===== MATERIAL FOR THIS EXERCISE

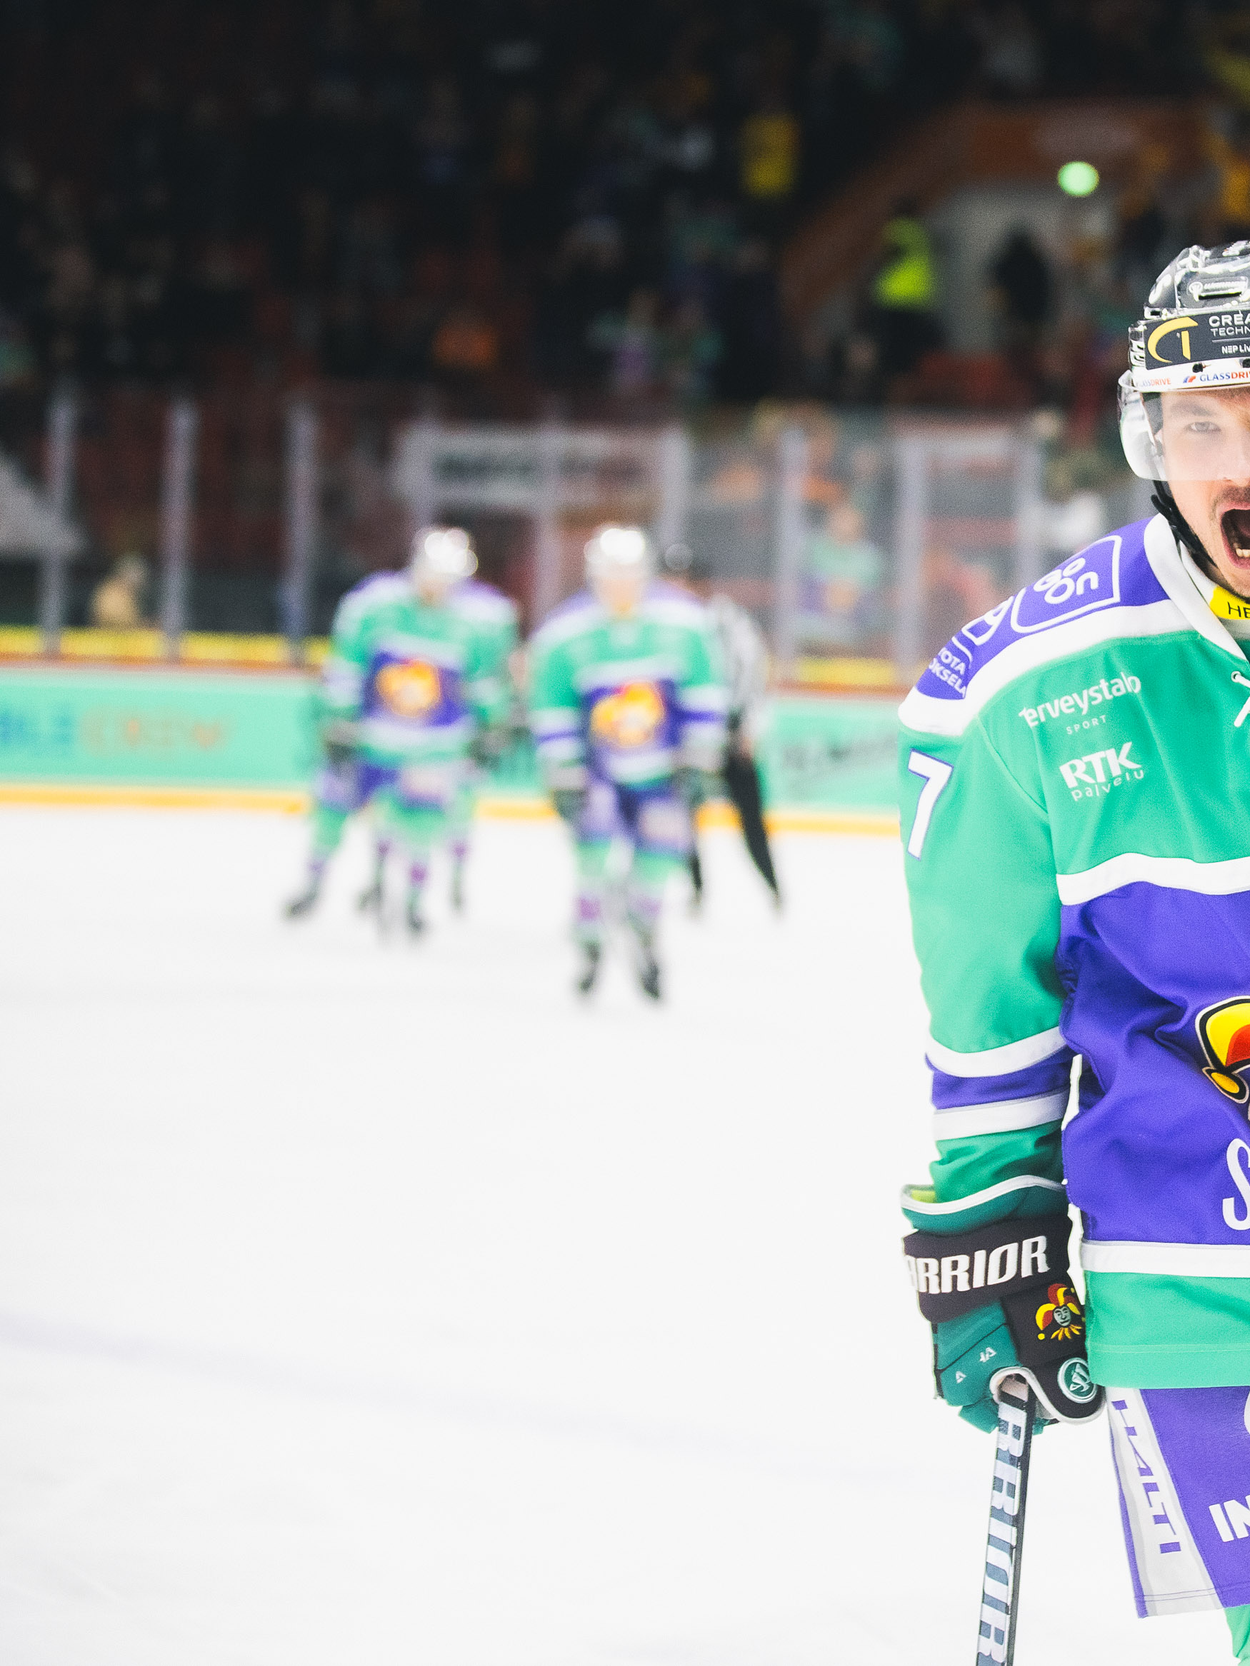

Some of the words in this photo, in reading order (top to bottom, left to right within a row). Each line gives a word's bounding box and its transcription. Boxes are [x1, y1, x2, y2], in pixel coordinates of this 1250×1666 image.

[1221, 345, 1239, 354] NEP
[1066, 714, 1107, 735] SPORT
[1059, 741, 1142, 789] RTK
[906, 747, 955, 860] 7

==========

TASK INSTRUCTIONS »
In your copy of the entries above, keep the text exact and leave out the pictures.

TASK OUTPUT »
Some of the words in this photo, in reading order (top to bottom, left to right within a row). Each line gives a word's bounding box and its transcription. Boxes are [x1, y1, x2, y2], in pixel coordinates of this 1250×1666 image.

[1221, 345, 1239, 354] NEP
[1066, 714, 1107, 735] SPORT
[1059, 741, 1142, 789] RTK
[906, 747, 955, 860] 7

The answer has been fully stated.